WHAT TO WORK ON » Write out exactly every line from the one containing "Some of the words" through the final line of the material below, both included. Pictures are to be skipped.

SOURCE MATERIAL »
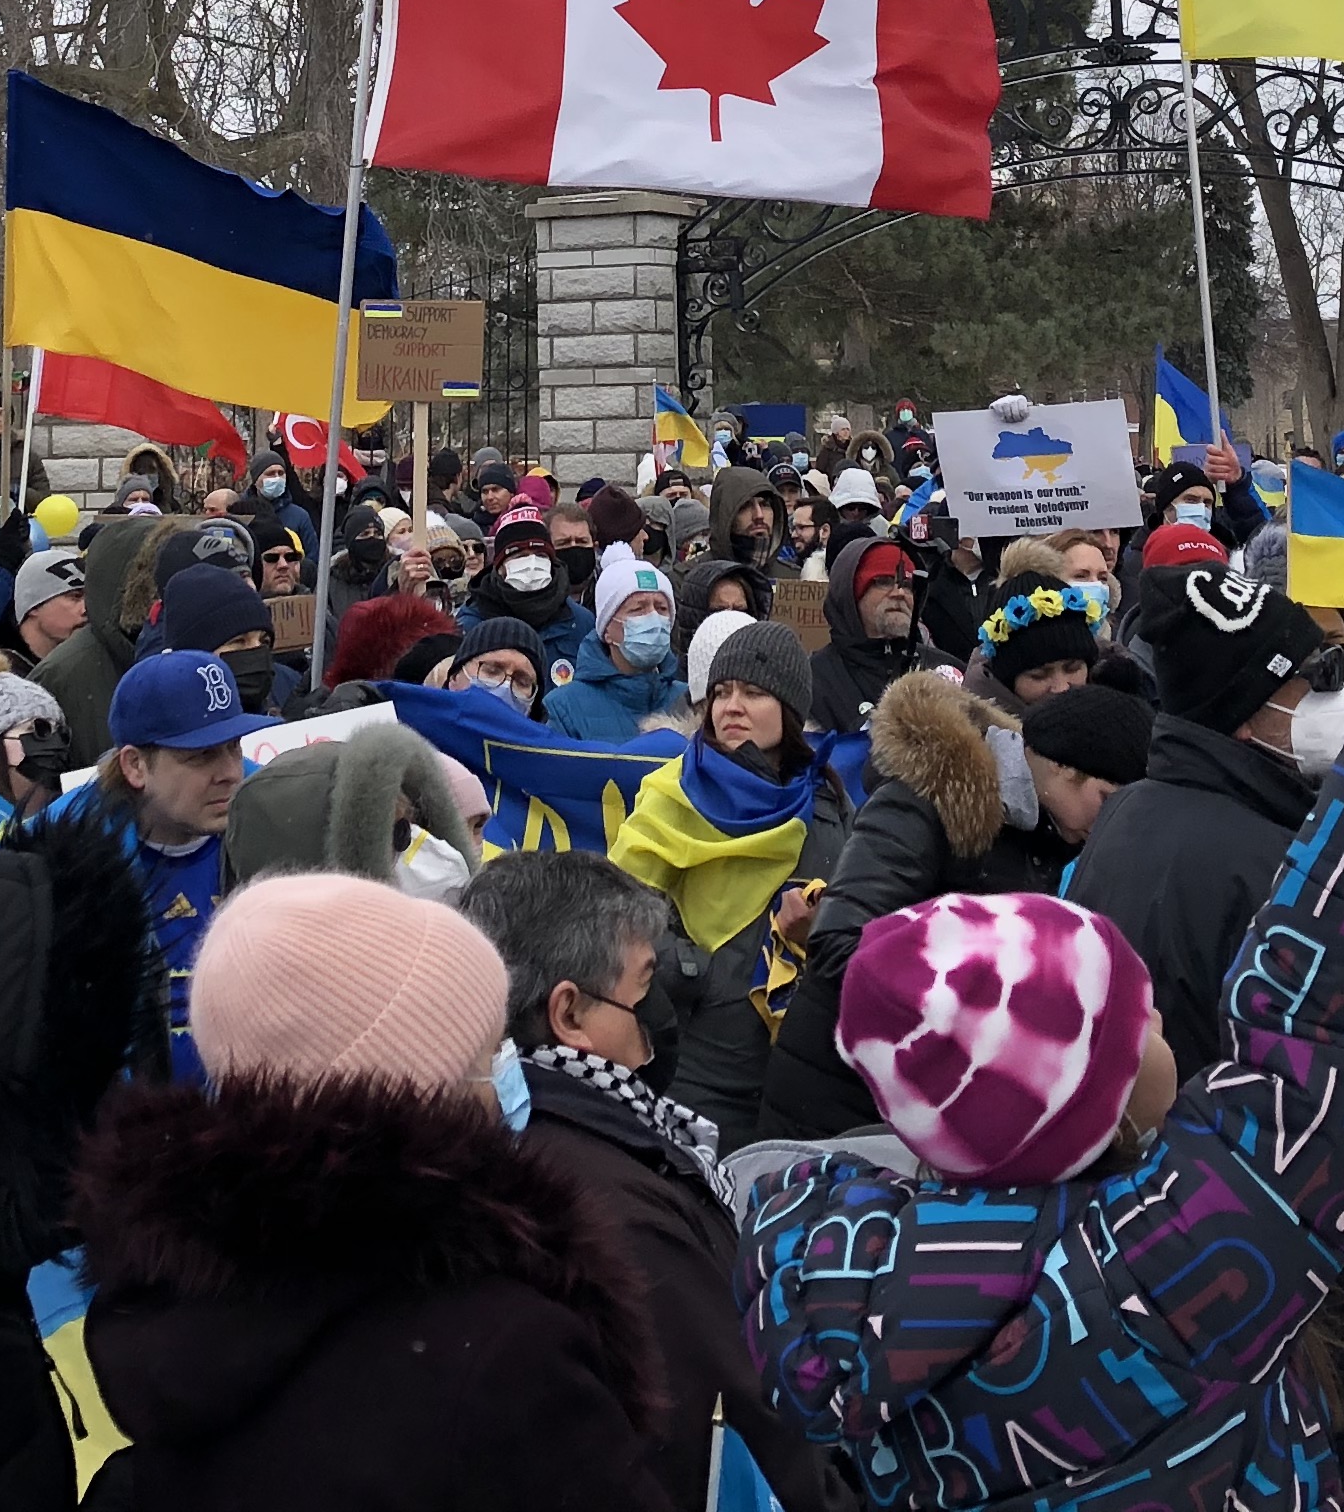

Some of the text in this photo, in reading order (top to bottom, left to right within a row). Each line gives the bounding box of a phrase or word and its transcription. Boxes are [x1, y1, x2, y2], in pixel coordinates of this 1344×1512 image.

[405, 305, 457, 323] SUPPORT
[367, 324, 427, 340] DEMOCRACY
[393, 342, 454, 358] SUPPORT
[364, 364, 445, 393] UKRAINE
[985, 491, 1023, 502] weapon
[1024, 489, 1034, 500] is
[1037, 488, 1054, 498] our
[988, 500, 1090, 515] President Volodymyr
[778, 582, 826, 601] DEFEND
[197, 663, 232, 711] B
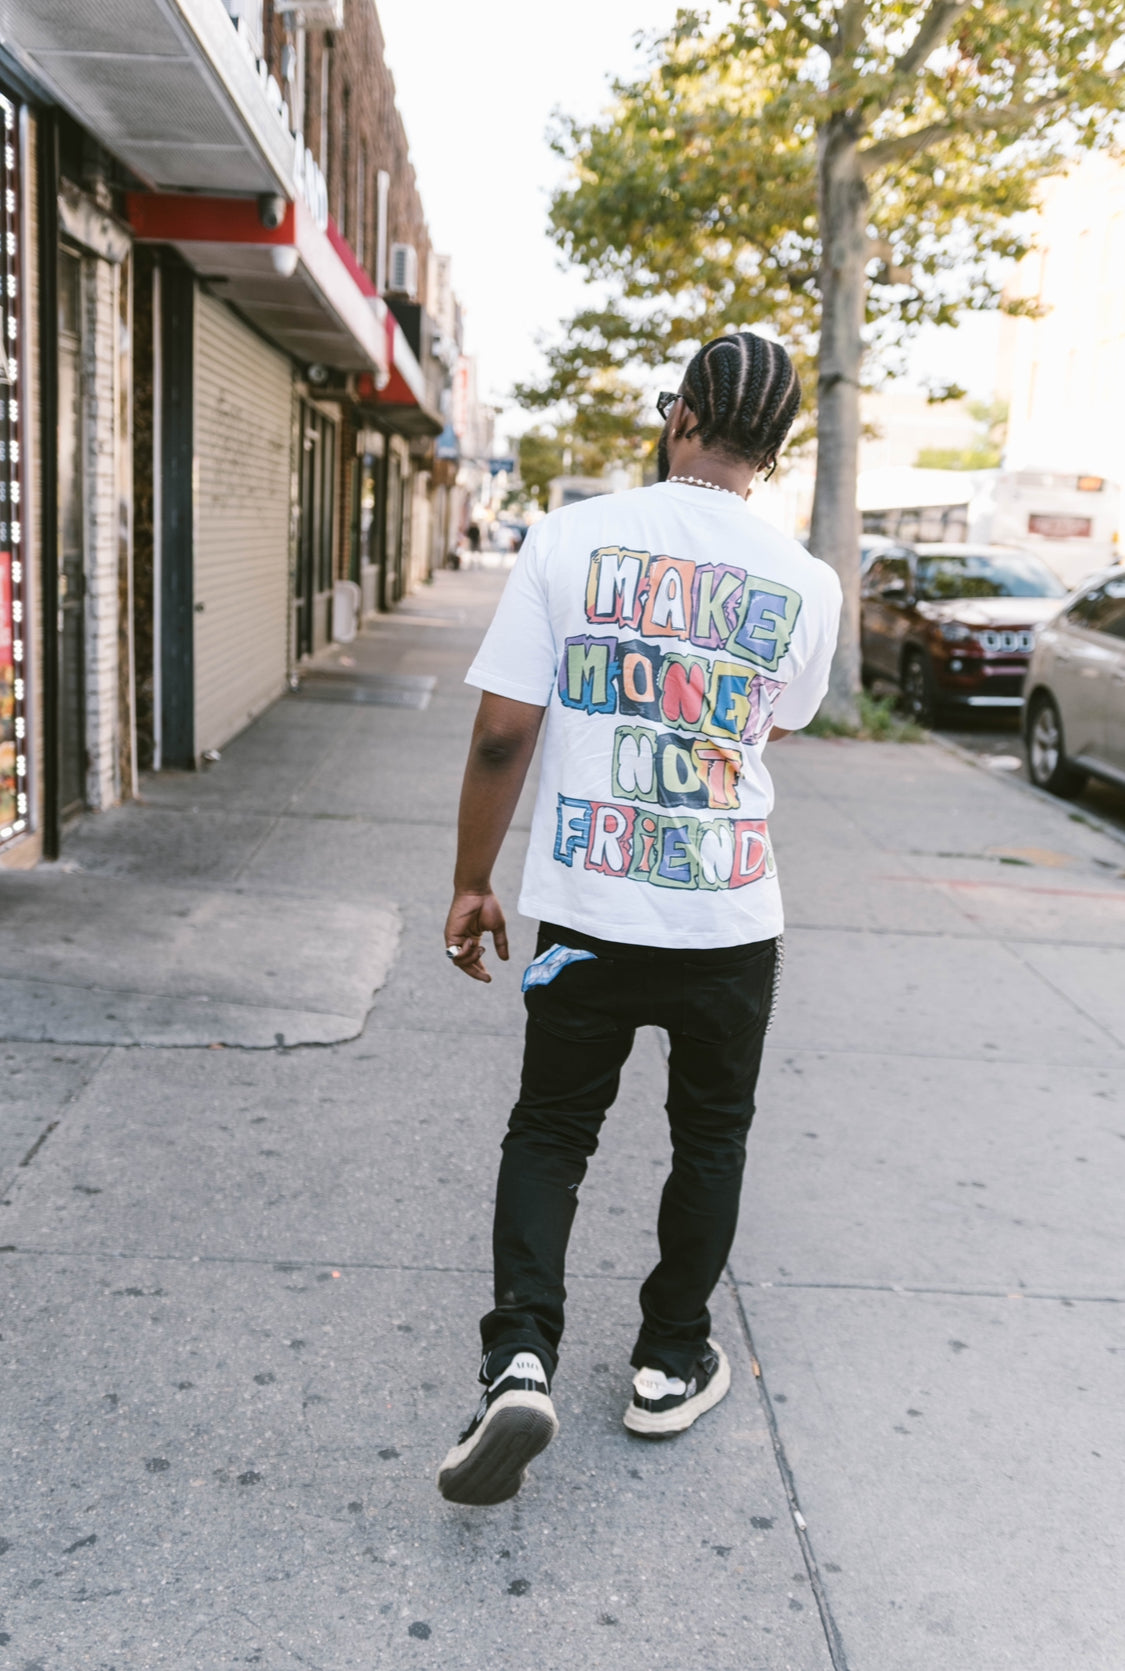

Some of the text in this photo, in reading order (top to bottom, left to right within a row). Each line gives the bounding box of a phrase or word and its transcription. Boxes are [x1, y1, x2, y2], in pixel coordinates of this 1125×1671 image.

[588, 549, 797, 667] MAKE
[561, 638, 784, 740] MONEY
[613, 728, 741, 806] NOT
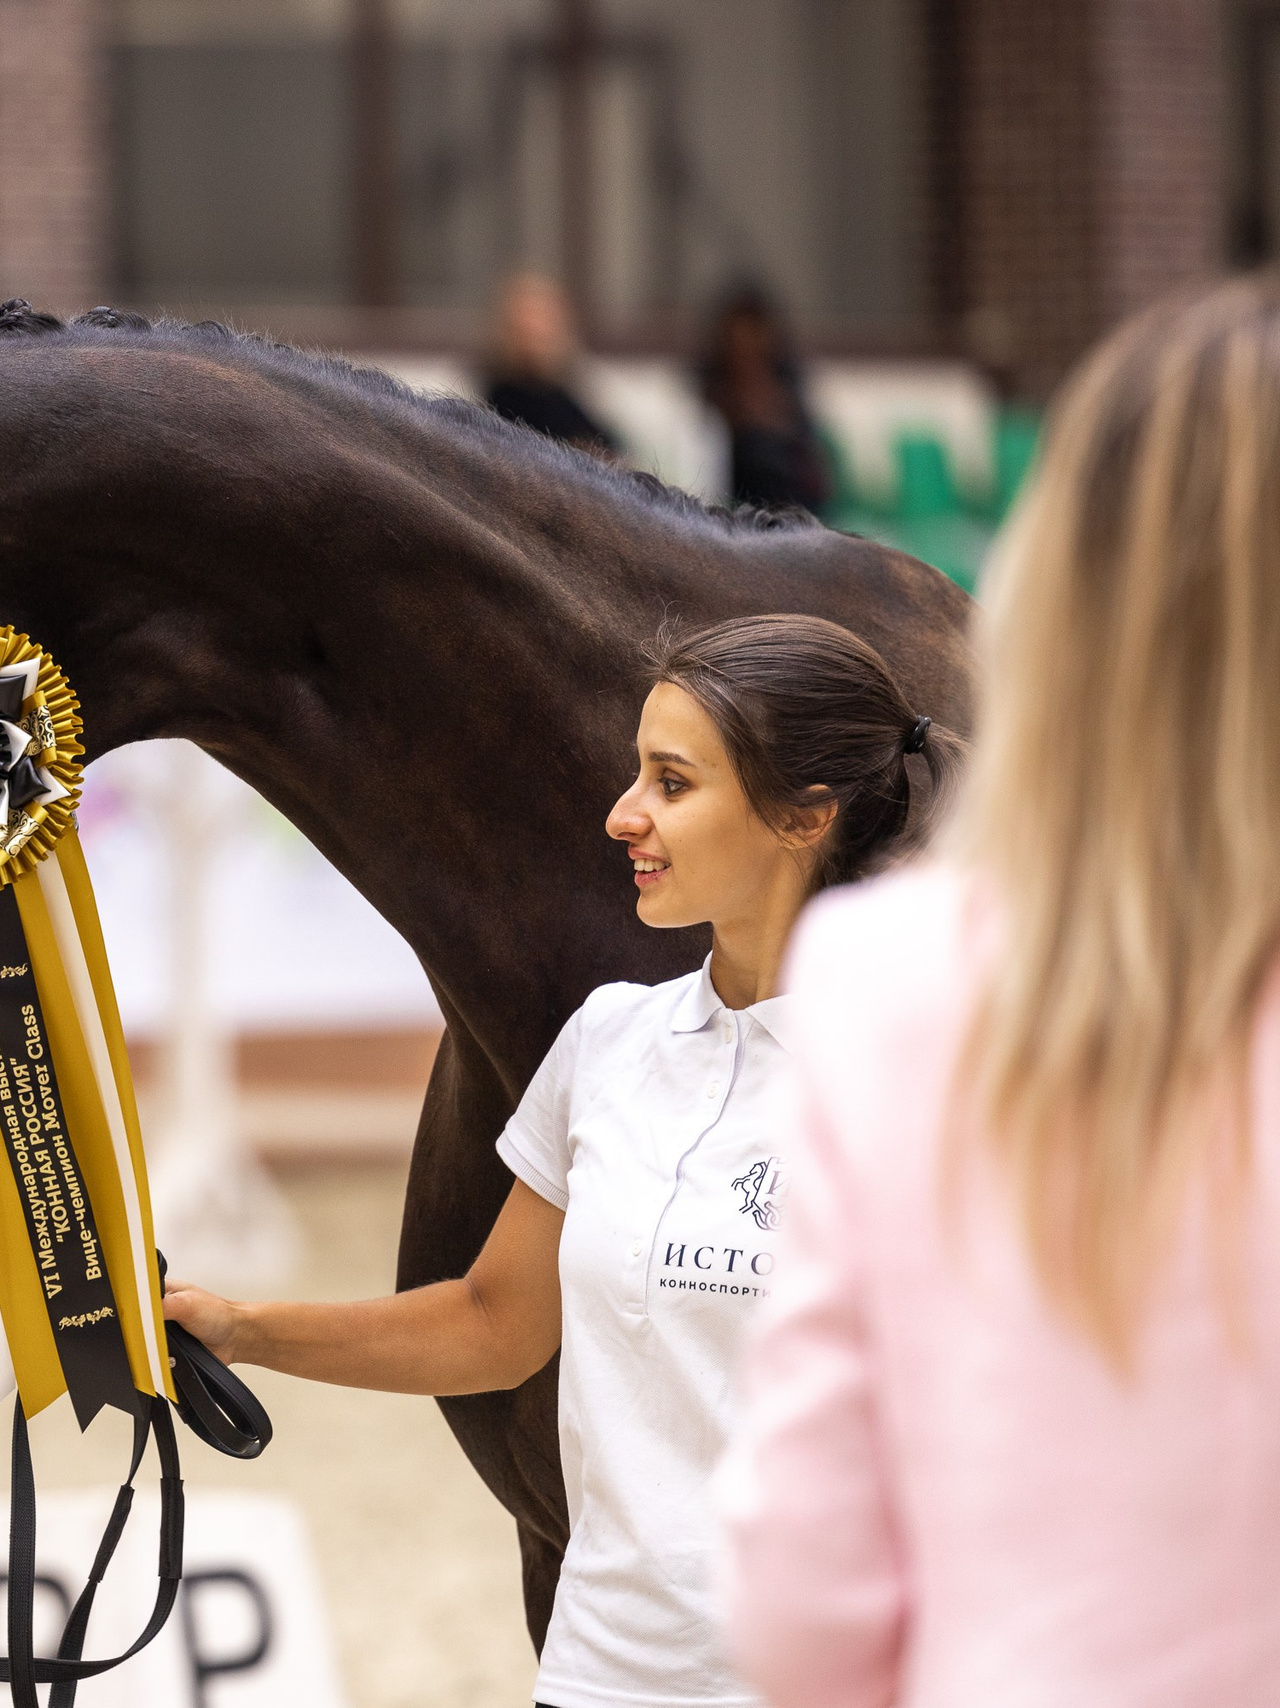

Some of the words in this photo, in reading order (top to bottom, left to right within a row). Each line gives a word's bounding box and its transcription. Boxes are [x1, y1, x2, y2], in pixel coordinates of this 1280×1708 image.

[21, 1004, 43, 1059] Class
[10, 1058, 44, 1147] РОССИЯ"
[38, 1065, 61, 1130] Mover
[3, 1105, 56, 1269] Международная
[37, 1151, 70, 1243] "КОННАЯ
[51, 1135, 101, 1281] Вице-чемпион
[47, 1272, 64, 1298] VI
[659, 1278, 771, 1298] КОННОСПОРТИ
[664, 1242, 774, 1276] ИСТО
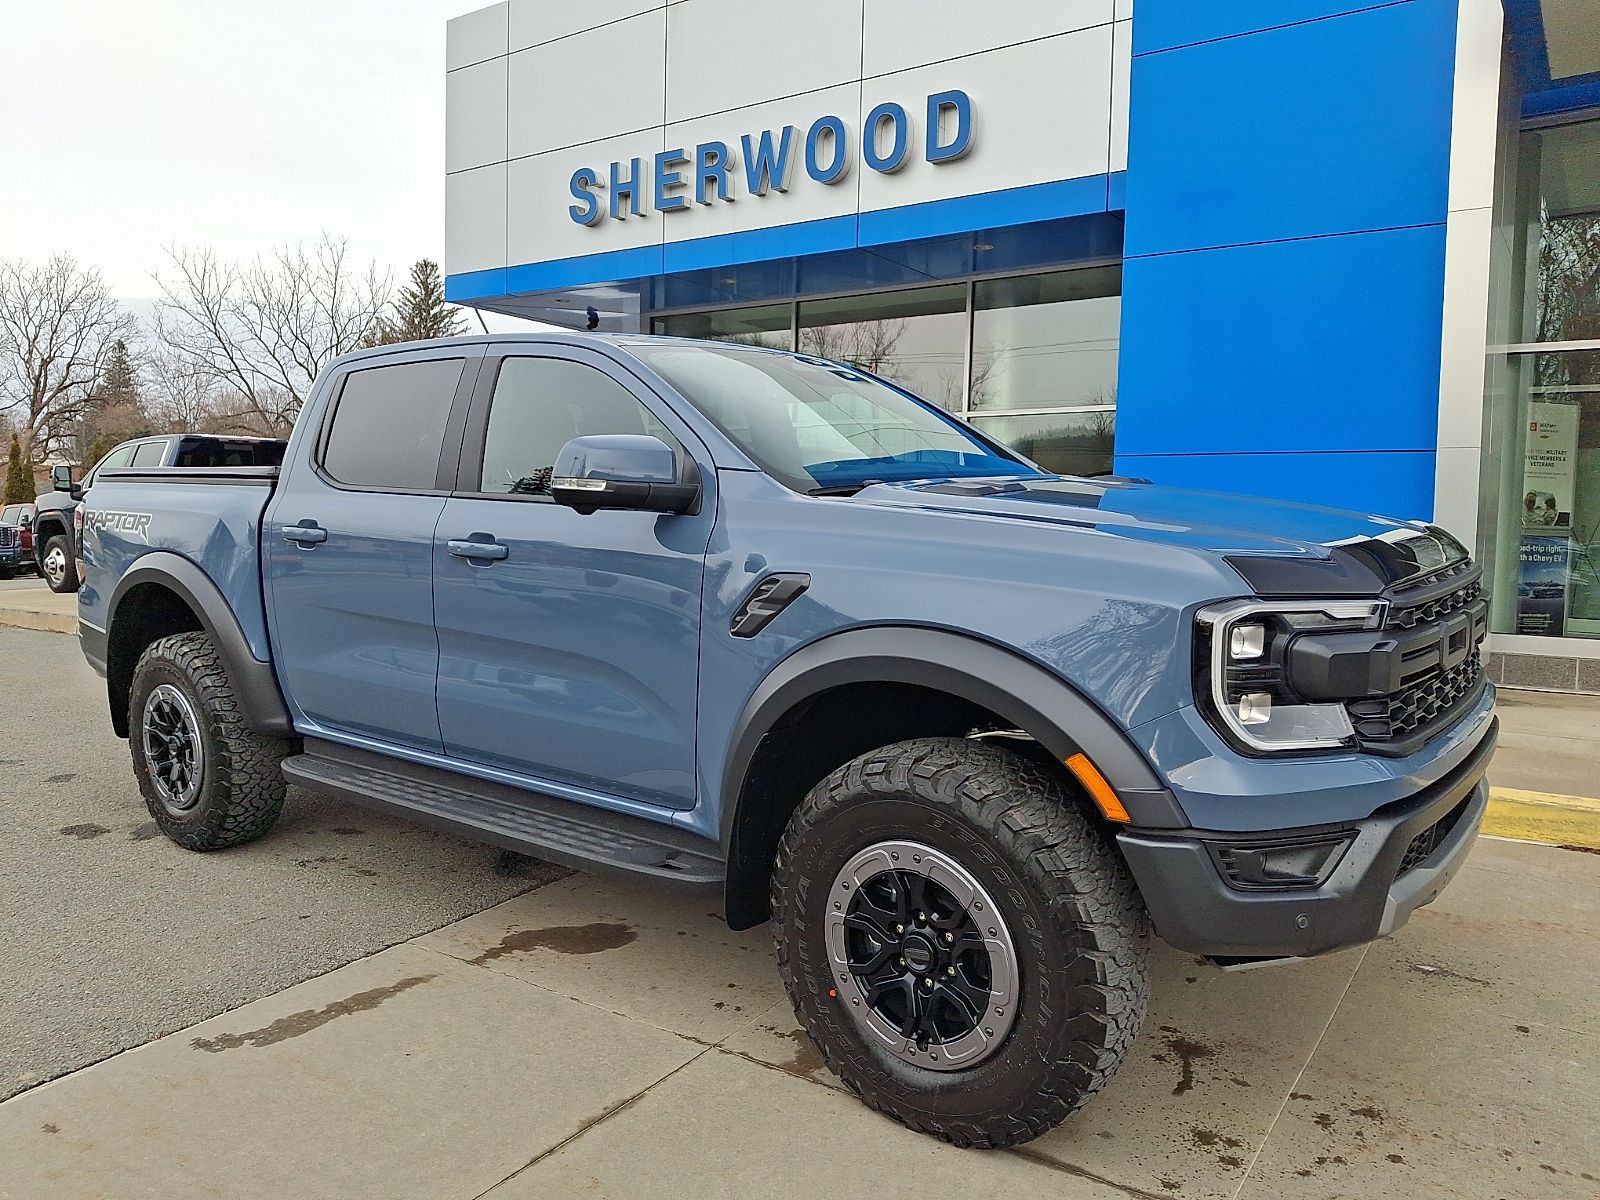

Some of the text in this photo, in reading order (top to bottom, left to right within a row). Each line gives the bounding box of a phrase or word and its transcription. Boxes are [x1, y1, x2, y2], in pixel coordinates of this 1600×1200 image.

WRITTEN ANSWER »
Some of the words in this photo, in reading order (top to bottom, left to right within a row). Each line gives a word's bounding box and its transcription. Boxes are [x1, y1, x2, y2], in pixel coordinates of this 1280×1708 image.

[21, 1004, 43, 1059] Class
[10, 1058, 44, 1147] РОССИЯ"
[38, 1065, 61, 1130] Mover
[3, 1105, 56, 1269] Международная
[37, 1151, 70, 1243] "КОННАЯ
[51, 1135, 101, 1281] Вице-чемпион
[47, 1272, 64, 1298] VI
[659, 1278, 771, 1298] КОННОСПОРТИ
[664, 1242, 774, 1276] ИСТО

Some of the text in this photo, in reading order (top to bottom, left to right within a row). Each line gives the bounding box of a phrase or word and its transcription. Boxes are [x1, y1, x2, y2], in pixel coordinates of this 1600×1200 image.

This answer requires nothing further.